As for weeds, 50 years ago there was a limited number of herbicides. We depended on mechanical weed control. Now our weed management system is dictated by transgenes and chemical herbicides. We do a good job of controlling grasses, but resistant broadleaf weeds, particularly pigweed, dominate the field.

Arkansas Acreage, Yield

In 1930, Arkansas planted a record 3.5 million acres of cotton — about 10% of the total land area of the entire state. That same year, the state had a record low yield of 119 pounds per acre. In 2019, Arkansas planted 500,000 acres of cotton and had a record high yield of 1,185 pounds per acre. This may seem to be an inverse relationship. If you decrease acreage, you increase yield. But it’s a little more complicated than that.

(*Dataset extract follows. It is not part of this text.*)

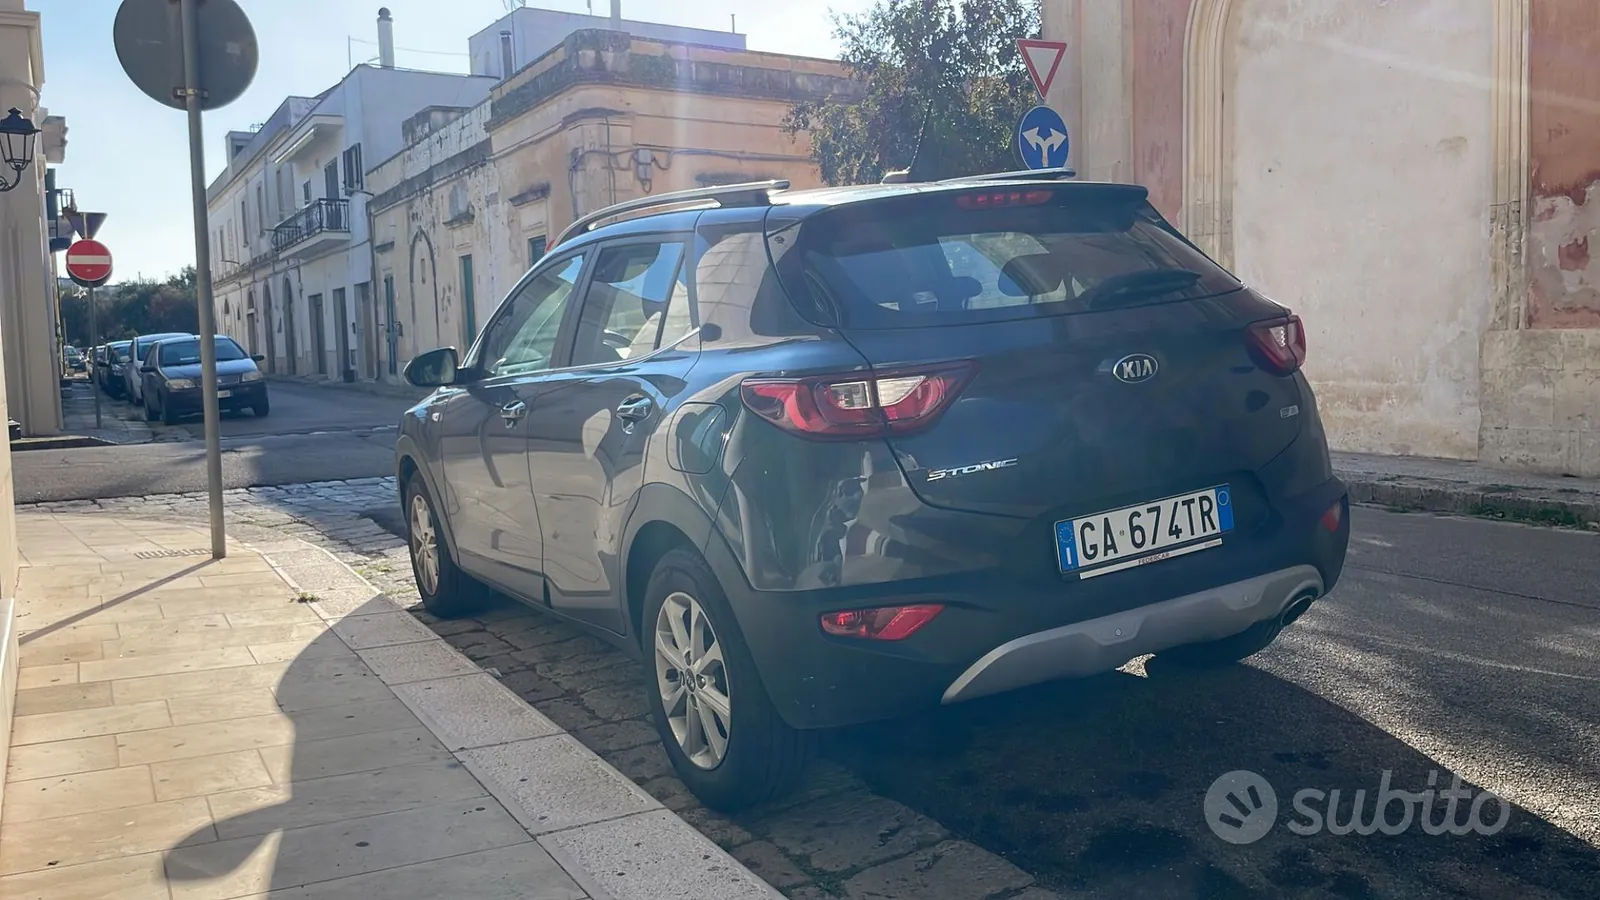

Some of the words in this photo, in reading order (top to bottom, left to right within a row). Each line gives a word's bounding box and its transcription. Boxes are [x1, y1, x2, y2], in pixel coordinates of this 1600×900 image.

Over my career, I have observed two, potentially three, yield plateaus in Arkansas: 1966-83, 1988-2000 and 2010-2018. In some instances, the plateaus were present in other areas of the Cotton Belt as well. The first one was mostly attributed to not combining new technologies within every discipline into a system. Once we did that, yields improved.

The second plateau was generally attributed to worm resistance to insecticides early in the plateau and the genetic lag caused by the introduction to transgenes later in this plateau. Here are some factors that led to a yield recovery in this instance:

■ Boll weevil eradication.

■ Rapid shift to transgenic cotton varieties to control bollworm/budworm.

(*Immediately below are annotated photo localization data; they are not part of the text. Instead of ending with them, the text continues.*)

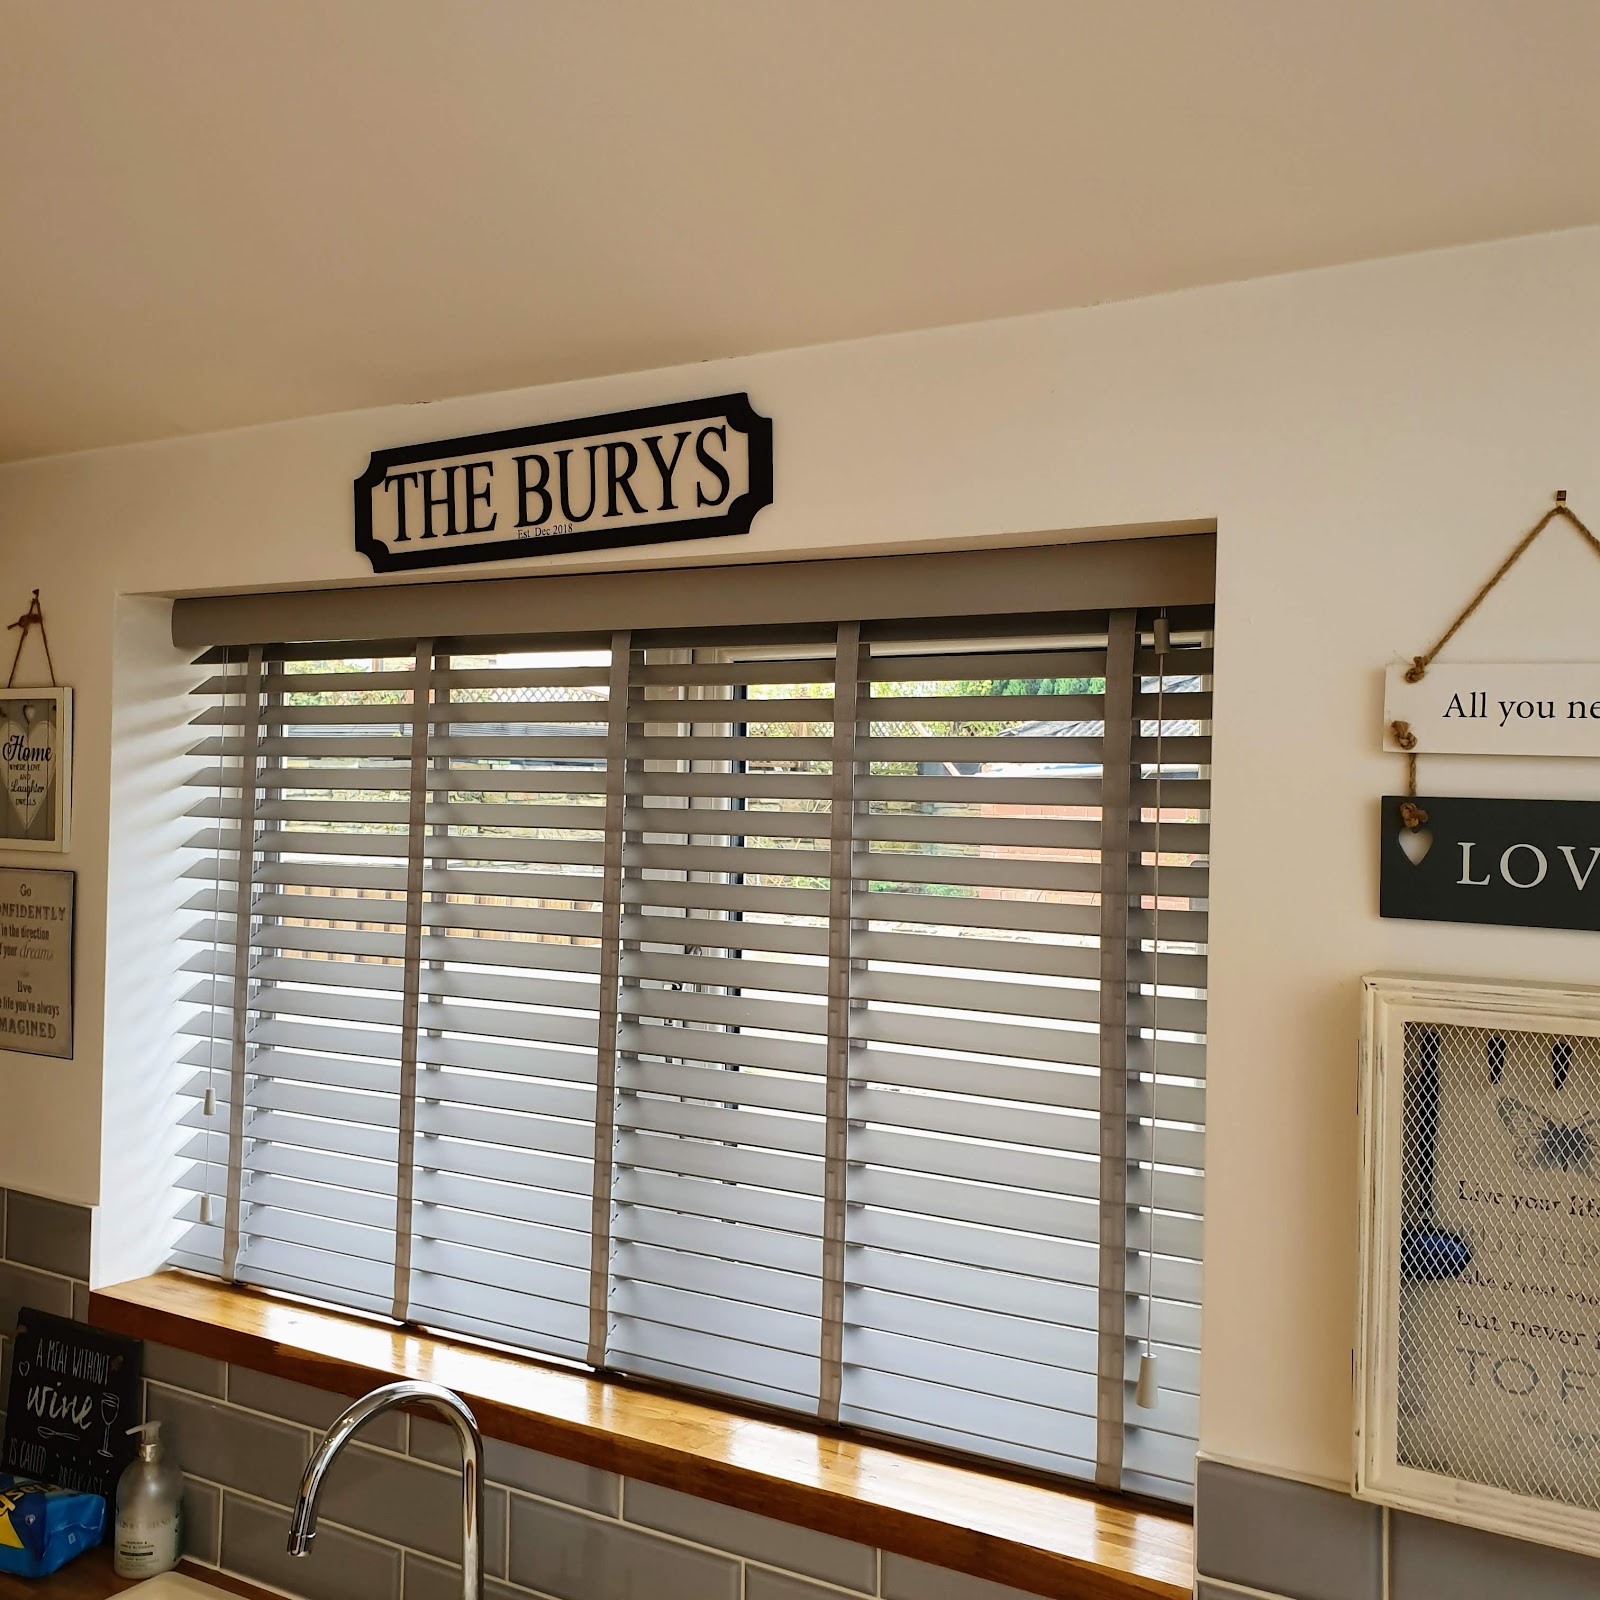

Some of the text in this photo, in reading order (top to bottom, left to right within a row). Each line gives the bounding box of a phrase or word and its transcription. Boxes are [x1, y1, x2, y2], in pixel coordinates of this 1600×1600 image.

[384, 424, 730, 543] THE BURYS
[534, 527, 550, 537] Dec
[553, 523, 573, 535] 2018
[1442, 691, 1600, 727] All you ne
[2, 734, 53, 762] Home
[1456, 842, 1600, 891] LOV
[20, 883, 32, 897] Go
[0, 902, 66, 921] NFIDENTLY
[1, 923, 49, 941] in the direction
[3, 945, 18, 960] your
[3, 996, 60, 1019] life you've always
[1457, 1179, 1504, 1206] Live
[1510, 1193, 1561, 1215] your
[1455, 1305, 1501, 1333] but
[1510, 1319, 1588, 1347] never
[36, 1338, 111, 1387] A MEAL WITHOUT
[1456, 1347, 1540, 1397] TO
[26, 1381, 94, 1430] wine
[8, 1437, 47, 1474] IS CALLED

■ Improved genetics and varieties.

■ Decreased acreage.

■ Improved crop management.

Plateau 3 could potentially be attributed to new transgenes being backcrossed into older genetics or a climatic limits drag where it’s difficult to increase high yields, particularly in the Mid-South region’s climate. Recovery from the third yield plateau might be attributed to:

■ Less genetic drag as we get more experience putting transgenes into varieties.

■ Physiological yield limits.

■ New genetic, physiological and/or production system breakthroughs may be needed.

Fiber Quality

They are not as demonstrative, but some major changes have occurred in fiber quality. From 1986-2002, we made a big jump in fiber strength, which increases the value of the fiber. To me, the biggest change has been in fiber length.

In the 1970 variety tests, we were at 1.1 inches, and the high was only 1.14. But in the past couple years, we’ve jumped to 1.2 inches, and the highs are pushing 1.3 inches. Even 0.1 or 0.2 inches makes a big difference for the cotton spinners. And the marvelous thing is that some of these high lengths are occurring in some of our highest yielders. I don’t see any real trend in micronaire because it’s mostly controlled by environment.

Equipment/Lint Yields

kash bourland painting
This painting was created by Dr. Fred Bourland’s grandson, Kash Bourland, to honor his grandfather’s 50-year career in cotton breeding.

Two other changes that caught my attention involve equipment and Arkansas’s lint yield increase.

Our planting and harvest equipment is much faster and can cover a lot more acres. In 1970, most of our cotton was planted with either four- or six-row equipment. Today, most is planted with 12-row equipment. In 1970, we were still using some one-row pickers, mostly two-row. Now we are almost exclusively six-row equipment.

In 1970, we were still using trailers to take the cotton to the gin. Later in the ’70s, the module system was invented at Texas A&M, and now we have the bale module that is actually made on the picker as it goes through the field. Tremendous advances have been made in planting and harvest equipment.

Our state-average lint yields in Arkansas have increased 2½ fold since 1970. We’ve come a long way.

The Future?

As I look out over a field packed full of cotton, I have to wonder: Is this as far as we can go?

When my 7-year-old grandson presented me with a cotton field painting he had done, I asked him if it were a sunrise or a sunset. He shrugged and said he didn’t know.

If it’s a sunset, it would be indicative of my career. If it is a sunrise, I believe it is indicative of what the future holds for plant breeding and cotton breeding. I think there are some exciting things around the corner.

Dr. Fred Bourland is a cotton breeder at the University of Arkansas Division of Agriculture Research and Extension, Fayetteville.